Eine einfache Tabelle hilft, die Ergebnisse übersichtlich zu erfassen:

Element Frage Nutzen
Betreffzeile Wurde die E-Mail häufig geöffnet? zeigt, ob das Thema ansprach
Inhalt Welche Links wurden geklickt? verrät, was Kunden interessiert
Zeitpunkt Wann wurde die E-Mail gesendet? kann Einfluss auf die Ergebnisse haben
Bildsprache Haben Bilder zum Klick angeregt? verstärkt Emotionen und Kaufimpulse

Durch diese kleinen Auswertungen gewinnen Sie wertvolle Erkenntnisse, die Sie in den nächsten Newsletter einfließen lassen können, ohne dass dafür umfangreiche Technikkenntnisse notwendig sind.

Wie Sie Ihre Newsletter Marketing Strategie weiterentwickeln

Eine Strategie klingt kompliziert, doch sie besteht im Grunde nur aus klaren Gewohnheiten.
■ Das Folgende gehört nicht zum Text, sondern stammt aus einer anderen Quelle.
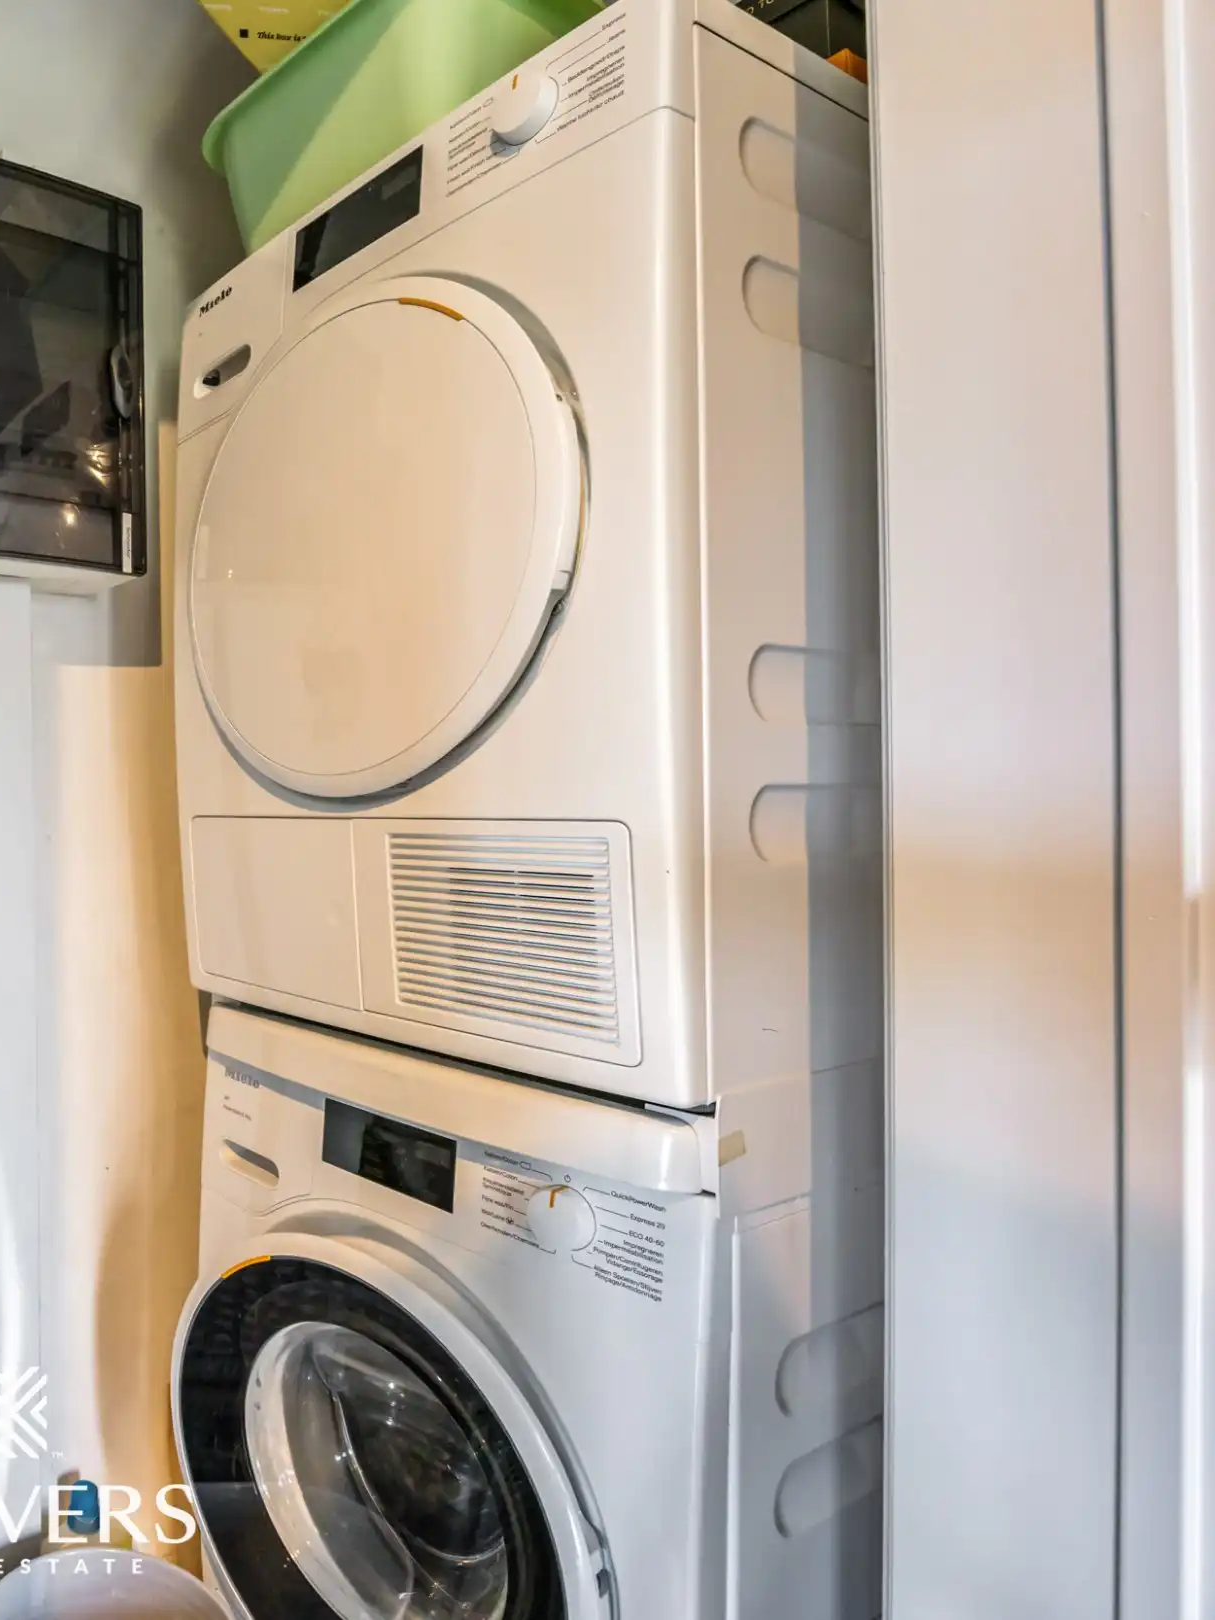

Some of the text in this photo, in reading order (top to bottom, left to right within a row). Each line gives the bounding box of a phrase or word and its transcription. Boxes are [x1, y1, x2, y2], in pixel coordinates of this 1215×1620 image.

[257, 31, 274, 40] This
[198, 286, 233, 318] Miele
[225, 1068, 259, 1088] Miele
[610, 1190, 667, 1212] QuickPowerWash
[629, 1213, 655, 1227] Express
[623, 1239, 664, 1258] Impregneren
[628, 1230, 665, 1248] ECO 40-60
[606, 1257, 664, 1284] Vidange/Essorage
Wenn Sie regelmäßig Newsletter verschicken, lernen Sie schnell, welche Themen funktionieren und welche weniger gut ankommen. Schritt für Schritt entsteht so eine verlässliche Herangehensweise, die Ihre Kommunikation planbarer und wirkungsvoller macht.
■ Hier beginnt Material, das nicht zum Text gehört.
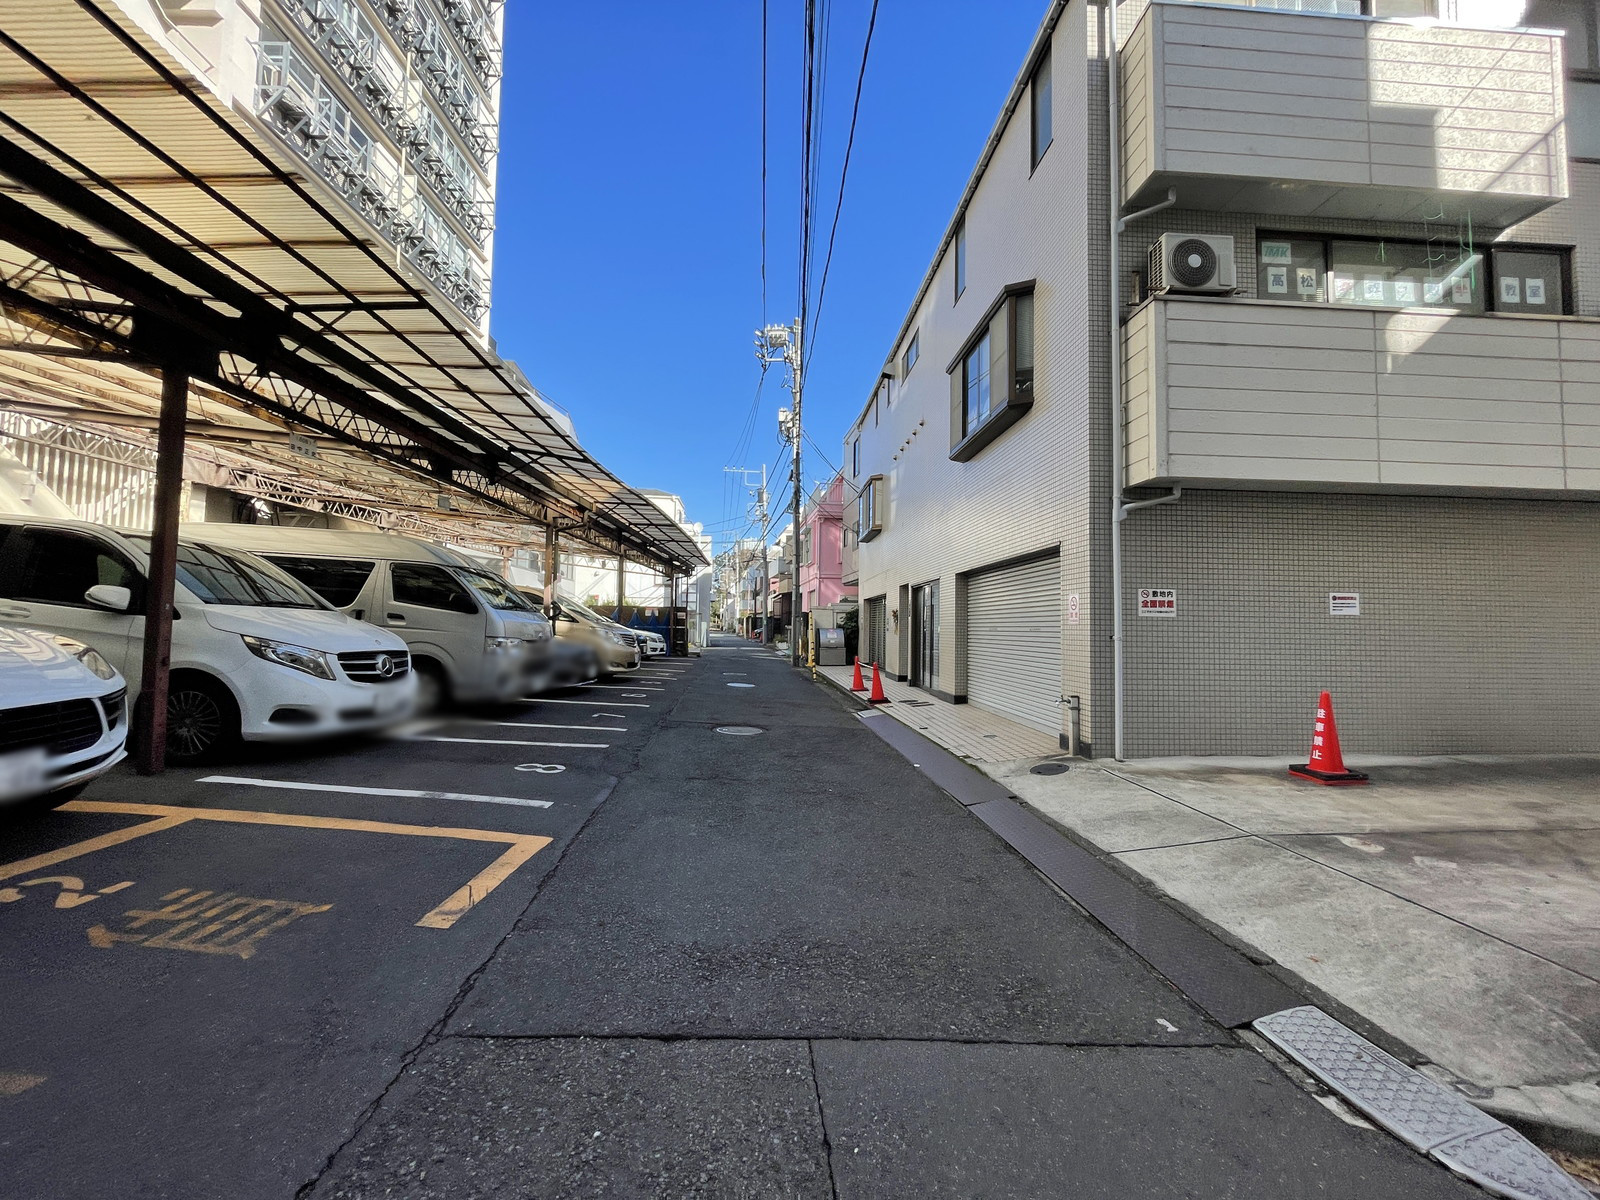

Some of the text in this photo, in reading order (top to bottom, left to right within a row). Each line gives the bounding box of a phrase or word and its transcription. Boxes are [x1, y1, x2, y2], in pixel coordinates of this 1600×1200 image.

[1263, 245, 1289, 258] TMK
[1151, 590, 1174, 598] 敷地内
[1141, 599, 1175, 608] 全面禁煙
[1311, 708, 1327, 760] 駐車禁止
[513, 762, 567, 774] 8
Einige einfache Wege, Ihre Strategie weiterzuentwickeln:

  • Wiederkehrende Elemente integrieren – zum Beispiel jeden Monat ein „Strauß der Woche“ oder eine „Pflanze des Monats“.
  • Verschiedene Formate ausprobieren – Kurztexte, Bildserien, Mini-Geschichten oder Angebote.
  • Versandzeitpunkte testen – einige Ihrer Kundinnen und Kunden reagieren morgens, andere am späten Nachmittag.
  • Saisonale Höhepunkte stärker nutzen – Valentinstag, Muttertag oder Advent sind ideale Themenbrücken.

Fazit

Ein Floristen Newsletter ist ein einfaches, verlässliches und außerst wirkungsvolles Werkzeug, um Kundschaft zu erreichen und langfristig zu binden. Sie benötigen dafür weder technische Erfahrung noch ein großes Budget. Entscheidend ist, kleine Schritte zu gehen, relevante Themen auszuwählen und klare, gut verständliche E-Mails zu schreiben.